The HCV NS3 study was carried out with a specially-designed deoxy-oligonucleotide which contains a photo-sensitive bromouridine group in the middle, a 5'-biotin tag and a 3'-fluorescent tag. The fluorescent tag is 6-carboxyfluorescein (6-FAM) which is a single isomer derivative of fluorescein; it provides an extra method to confirm the crosslinking of the oligonucleotide to the target protein. The 5'-biotin tag facilitates the extraction of the crosslinked peptide after protease digestion by forming covalent bonds with streptavidin which is covalently attached to superparamagnetic polystyrene beads. The bromouridine specifically reacts with oxidizible amino acid sidechains (aromatic or S-containing) when UV light with wavelengths greater than 300 nm is applied with minimum photodamage to certain amino acids. The experiment is diagrammed in Figure 11.

Materials included in this experiment were:

  • Photo-reactive deoxy-oligonucleotides

◦ 5'-(Bio)dAdTdG dTdCdG dGdAdT dCdGdC dAdG/i5Br-dU/ dCdAdG dTdTdT dTdTdT dTdTdT dT(6-FAM)-3' (stock concentration 144 uM) (synthesized by Dharmacon).
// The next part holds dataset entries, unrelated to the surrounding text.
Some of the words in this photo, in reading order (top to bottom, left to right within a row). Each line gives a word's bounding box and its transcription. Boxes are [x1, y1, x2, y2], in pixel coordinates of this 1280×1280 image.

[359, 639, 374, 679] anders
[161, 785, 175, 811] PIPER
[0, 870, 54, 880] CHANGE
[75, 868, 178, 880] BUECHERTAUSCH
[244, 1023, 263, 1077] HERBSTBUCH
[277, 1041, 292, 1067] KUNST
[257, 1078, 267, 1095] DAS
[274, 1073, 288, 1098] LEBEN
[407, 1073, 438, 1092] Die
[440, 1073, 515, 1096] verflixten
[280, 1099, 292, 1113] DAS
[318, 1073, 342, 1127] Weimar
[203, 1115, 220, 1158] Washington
  • Recombinant NS3h stored in HEPES buffer.

  • Dynabeads M-280 Streptavidin kit (Dynal Biotech).

  • DNase I (Ambion).

  • HEPES buffer

◦ 25 mM HEPES pH7.5, 50 mM NaCl, 20% Glycerol, 1 mM EDTA, 2 mM BME

Photo-chemical crosslinking was carried out in 25 mM HEPES buffer with a final concentration of oligonucleotides of 1 uM and NS3h of 3 uM (total volume 100 uL).
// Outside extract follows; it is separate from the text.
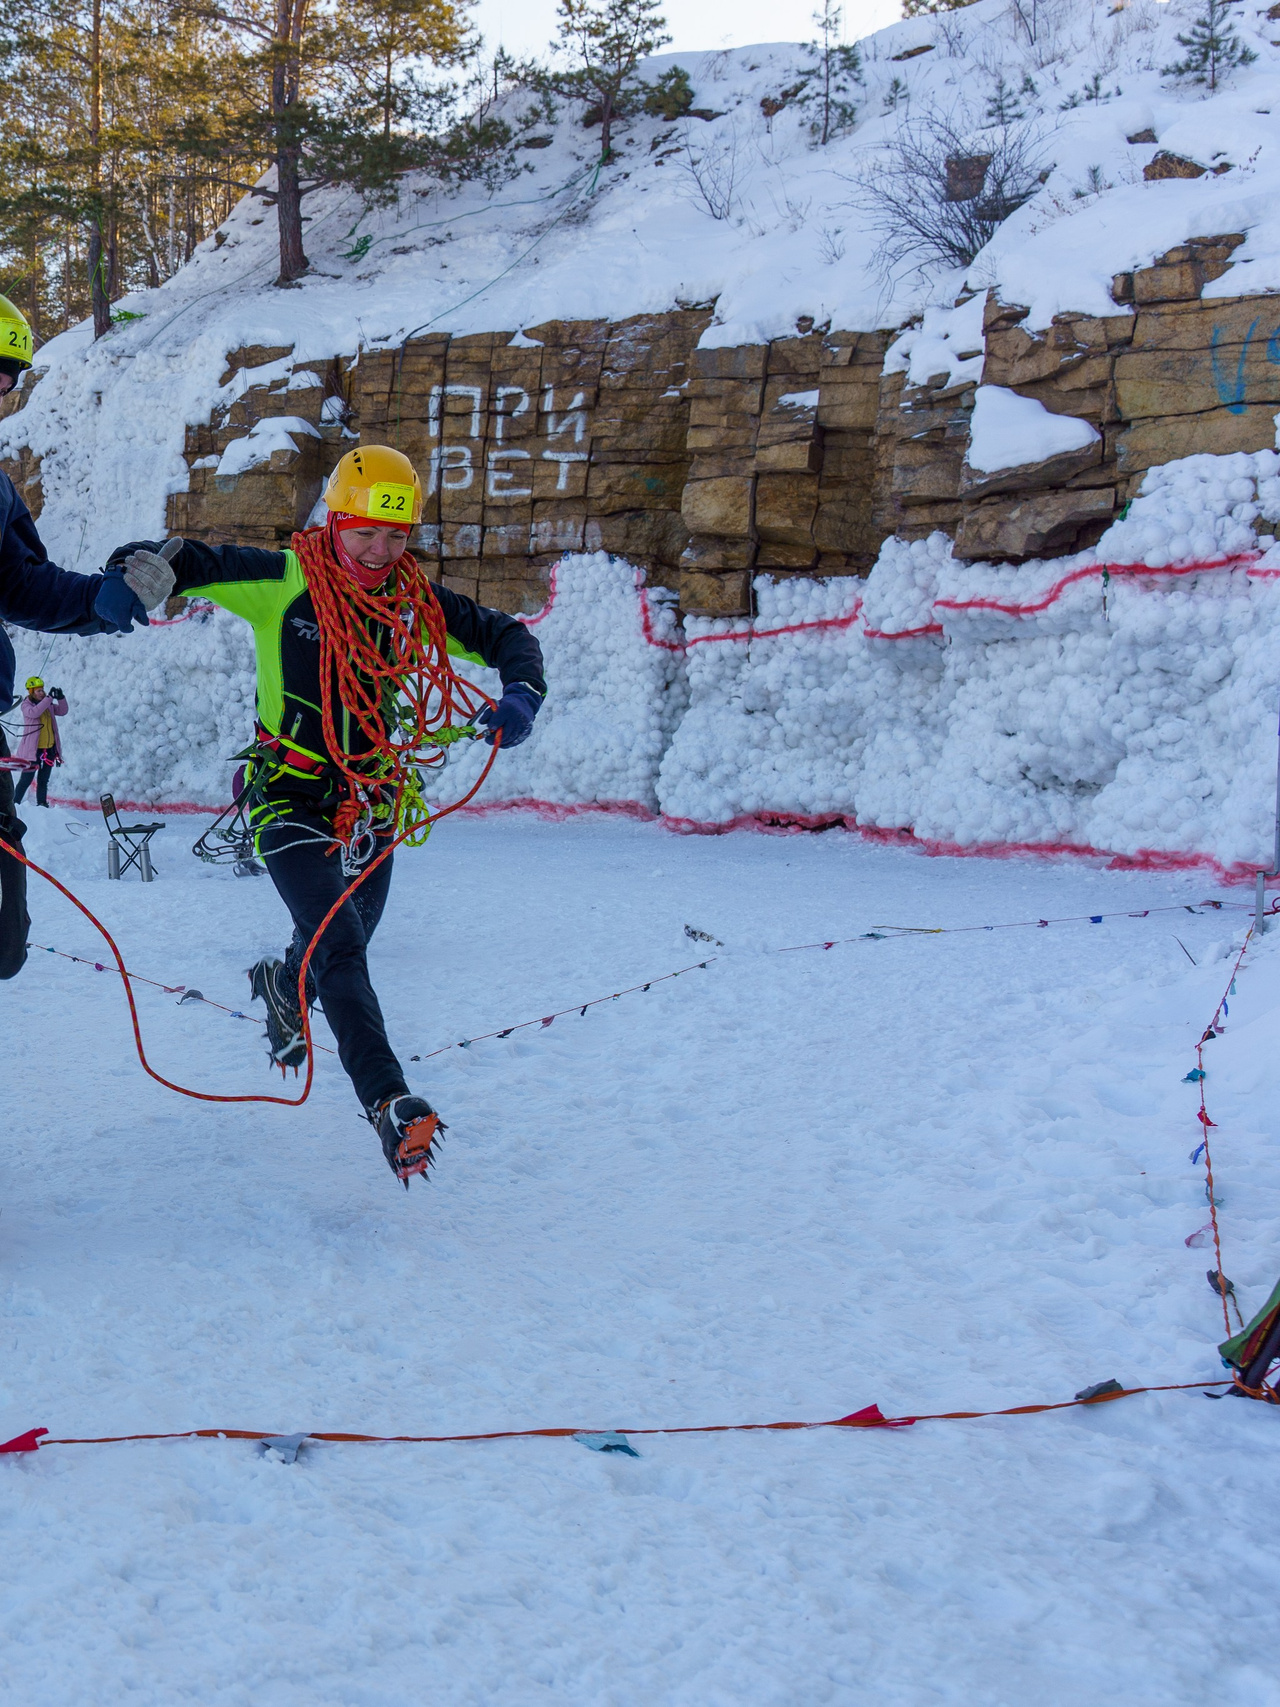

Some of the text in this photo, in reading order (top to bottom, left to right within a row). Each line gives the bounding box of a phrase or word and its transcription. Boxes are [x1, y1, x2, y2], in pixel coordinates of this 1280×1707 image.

[9, 331, 27, 350] 2.1
[428, 383, 587, 445] ПРИ
[427, 446, 593, 497] ВЕТ
[380, 494, 405, 511] 2.2
Photochemical crosslinking reaction

All reagents were added to a microcentrifuge tube and gently mixed well. The total 100 uL reagent was split into 80 uL for reaction and 20 uL for Control 1 (which contains both the oligonucleotide and the protein but without UV excitation; Control 2 is a 10 uL 3 uM NS3h solution without added oligonucleotide). The 80 uL mixture was transferred to a cuvette and placed into the fluorometer for UV excitation with a wavelength setting of 305 nm and a bandpass setting of 16 nm for three hours. The crosslinking products were added with an equal amount of protein-loading buffer (PSB+BME) and then denatured at 100°C for ten minutes.
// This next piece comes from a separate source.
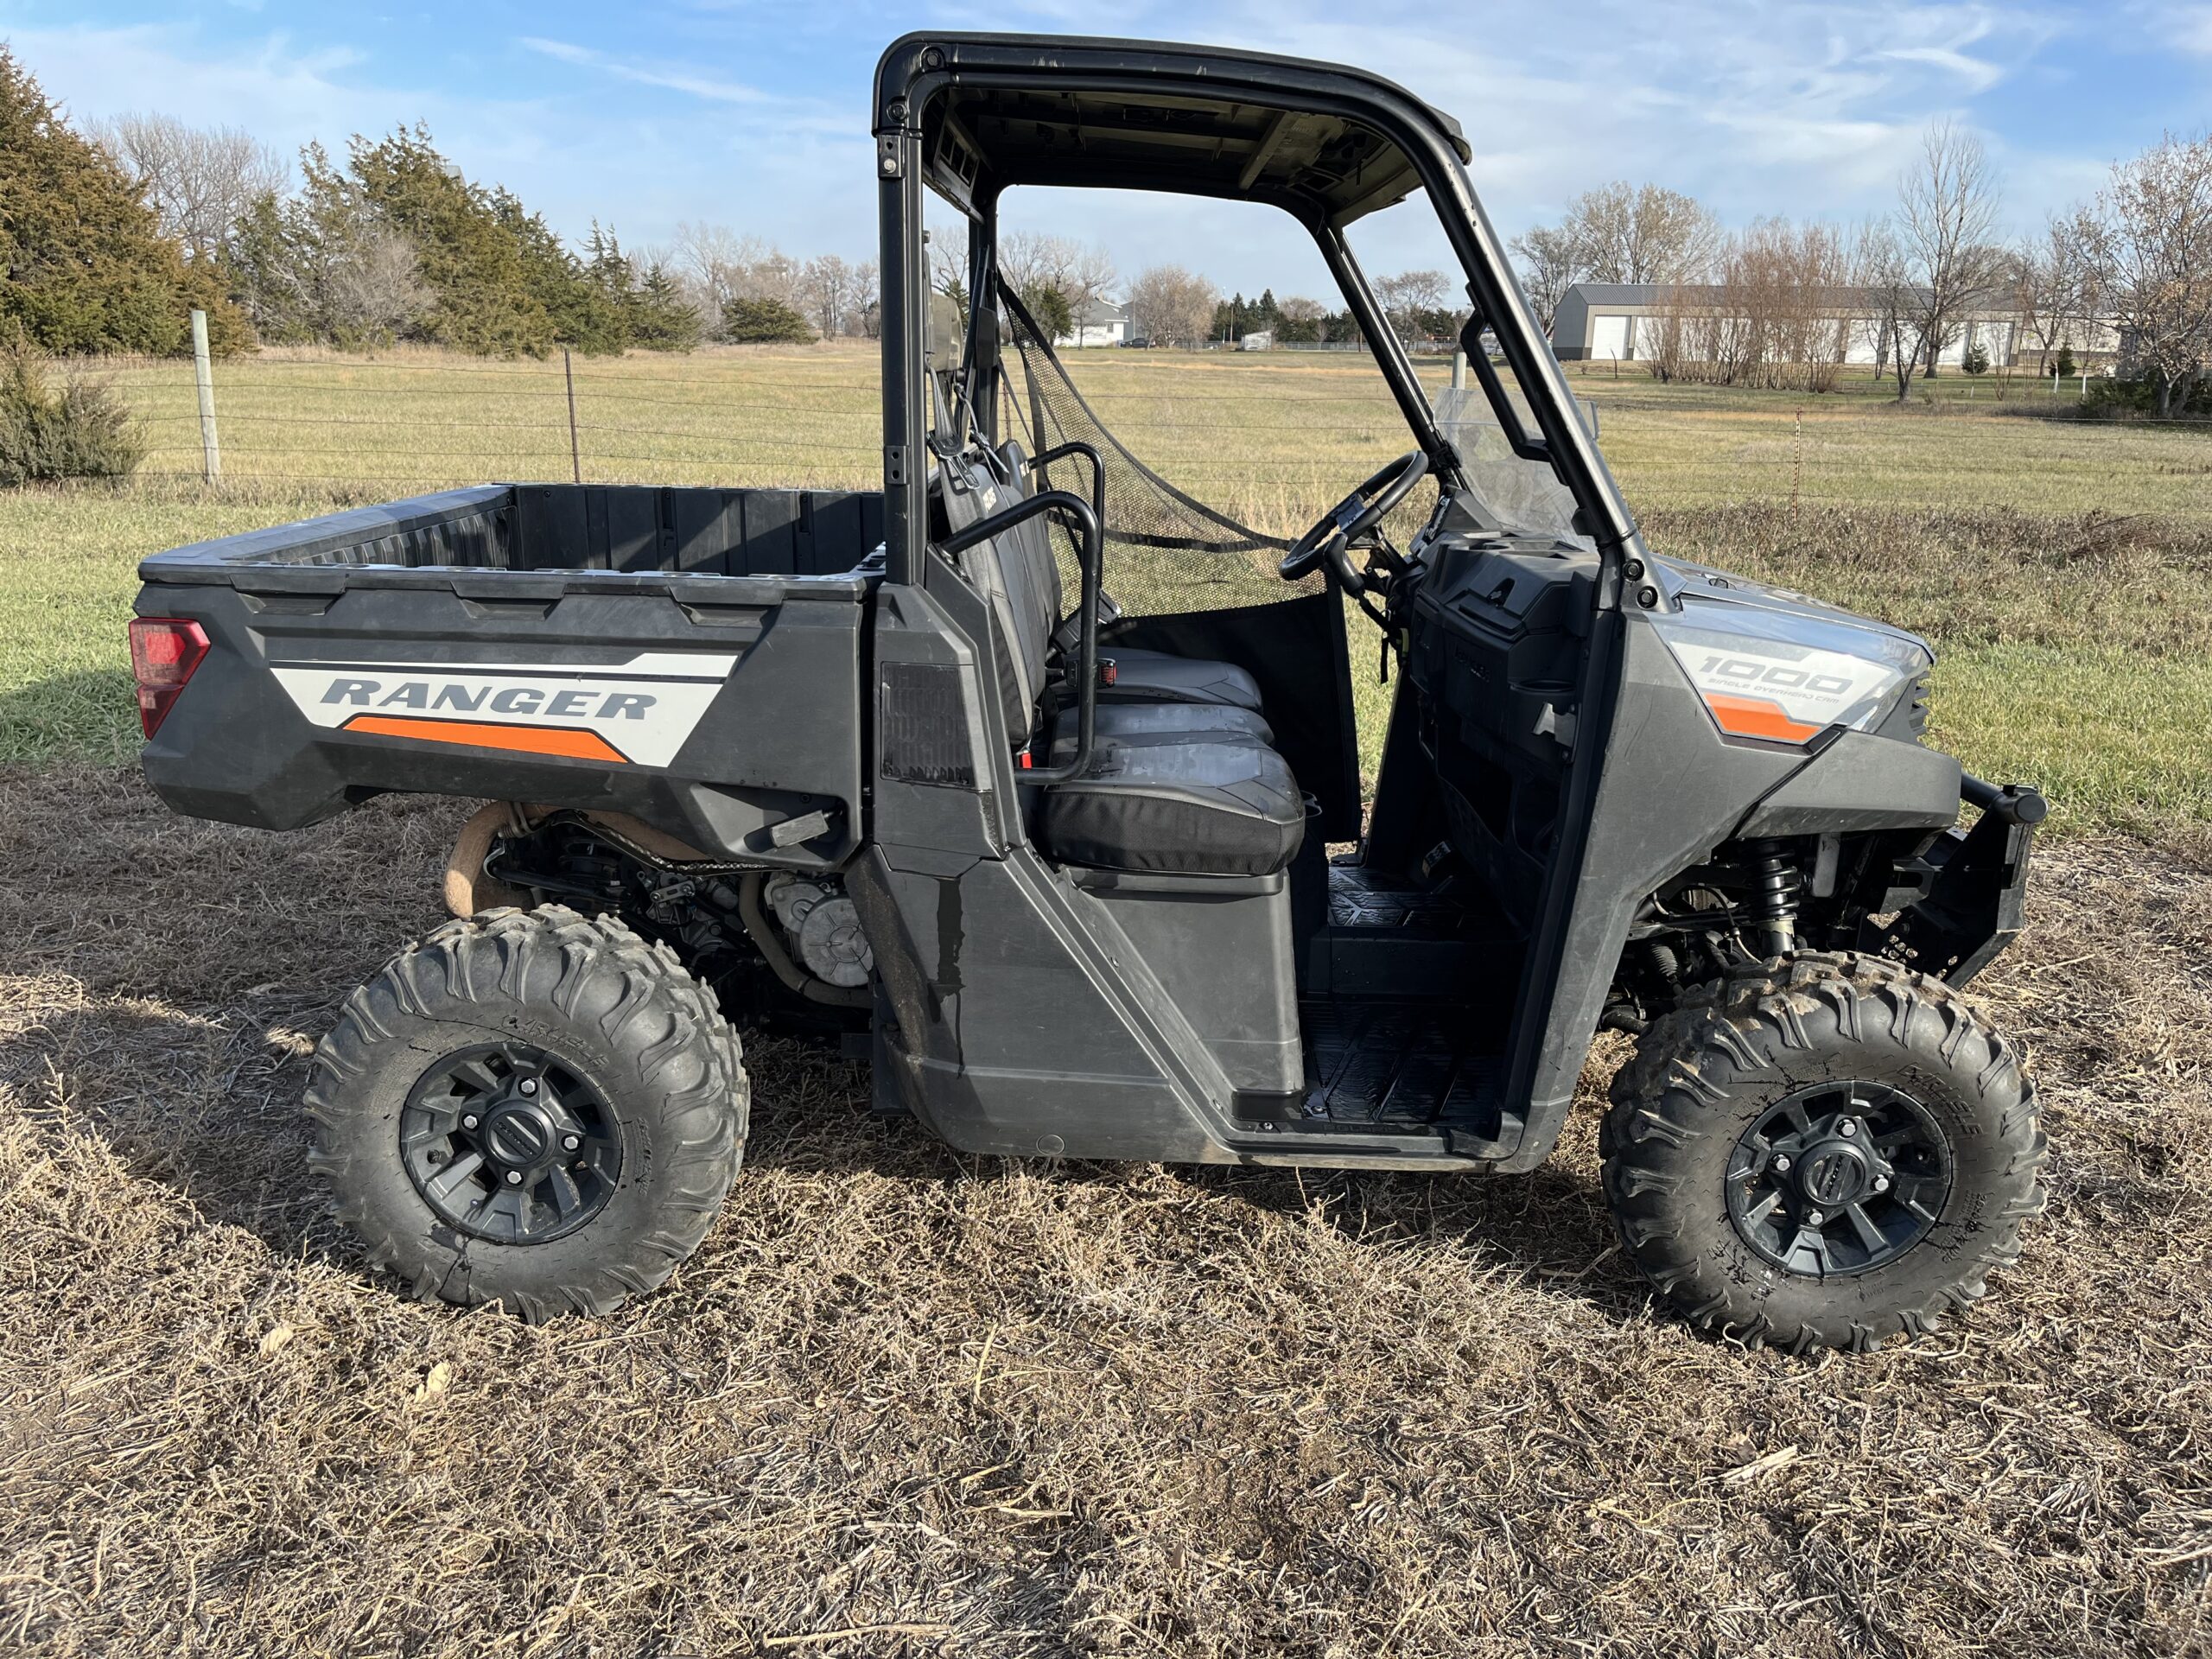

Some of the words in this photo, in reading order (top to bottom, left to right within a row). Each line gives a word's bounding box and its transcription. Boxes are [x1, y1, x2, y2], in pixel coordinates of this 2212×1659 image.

[1700, 656, 1853, 695] 1000
[1707, 677, 1751, 689] SINGLE
[1815, 696, 1840, 704] CAM
[320, 678, 658, 720] RANGER
Visualization of crosslinked species and in-gel digestion

SDS-PAGE (sodium dodecyl sulfate polyacrylamide gel electrophoresis) visualization yielded a fluorescent image (before Commassie staining) in which free oligonucleotides and crosslinked species were identified. The same gel was subjected to Commassie stain to visualize the crosslinked and uncrosslinked proteins (Figure 10). Spots of interest were picked by ProPic (Genomic Solutions http://www.genomicsolutions.com) and subjected to in-gel digestion by ProGest (Genomic Solution) (Figure 10). Four hours of trypsin digestion was performed with a typsin/protein ratio of 1:20 (wt/wt) with repeating dehydration, rehydration, reduction and alkylation.

Enrichment of crosslinked peptides and degradation of oligonucleotides

In order to increase the concentration of peptides, tryptic samples from spots 1 to 6 were combined together. Streptavidins were added to the sample with a ratio of 1 mg streptavidin to 200 pm biotinylated single-stranded oligonucleotide. Uncrosslinked peptides were washed away, but the crosslinked peptides were kept in the tube with the use of a magnet. DNase I was then used to degrade the oligonucleotides with a ratio of 1U DNase I to 1 ug DNA, and the sample was incubated at 37°C in a HEPES buffer for one hour. The supernatant contains the photocrosslinked peptides with the majority of the oligonucleotide digested.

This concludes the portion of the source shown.